Quel est donc le premier film africain? Mollo Olinga reste prudent lorsqu’il avance que, historiquement, c’est Mouramani du Guinéen Mamadou Touré, réalisé en 1953 en France. Il précise qu’en 1951, Albert Mongita avait déjà réalisé le court métrage La leçon du cinéma au Congo Belge avec l’aide des missionnaires et laisse finalement la porte ouverte à d’autres films d’Africains qu’on pourrait retrouver dans l’histoire en remontant jusqu’en 1897. 

La critique n’est pas neutre
Ce « rectificatif » fait, Mollo Olinga explique l’art, les mouvements, les genres, le langage cinématographiques, bref, des clés pour « cerner la structuration d’un film, sa dramaturgie, en comprendre le scénario ». Pour lui, tout comme il n’y a pas d’école de critique, il n’y a pas non plus de règles pour écrire une critique.

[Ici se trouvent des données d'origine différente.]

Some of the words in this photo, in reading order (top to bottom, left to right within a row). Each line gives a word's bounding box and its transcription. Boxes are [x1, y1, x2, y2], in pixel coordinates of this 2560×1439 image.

C’est à chacun de baliser sa voie par la pratique, en se servant de sa culture cinématographique et de sa culture générale. Le critique africain, qui est un spécialiste de la lecture et de l’analyse des films, écrit avec sa sensibilité africaine. Il doit juger un film selon le contexte, les normes culturelles et le public. Mollo Olinga lui confie aussi la responsabilité de défendre l’intégrité du cinéma de nombreux téléfilms, vidéos et reportages que l’on qualifie trop facilement de film.  

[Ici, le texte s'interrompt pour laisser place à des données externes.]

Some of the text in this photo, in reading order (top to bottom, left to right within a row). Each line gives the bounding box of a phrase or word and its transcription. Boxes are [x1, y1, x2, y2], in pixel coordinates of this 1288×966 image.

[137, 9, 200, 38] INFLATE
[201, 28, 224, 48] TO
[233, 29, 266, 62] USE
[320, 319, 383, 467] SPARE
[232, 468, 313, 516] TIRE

La critique cinématographique, qui bénéficie de la liberté d’expression, n’est pas neutre. Car critiquer un film au demeurant, c’est donner son point de vue. Il ne s’agit pas de copier la simplicité de facebook en collant sur des films des mentions « j’aime » ou « je n’aime plus ». Il s’agit de faire « une critique sans complaisance mais qui n’épingle pas sans raisons » (Olivier Barlet, Cinémas africains d’aujourd’hui, Khartala, 2010). Une critique argumentée donc. Eléments d’initiation à la critique cinématographique donne en exemple neuf critiques écrits par Mollo Olinga, mais aussi par Baba Diop et Olivier Barlet.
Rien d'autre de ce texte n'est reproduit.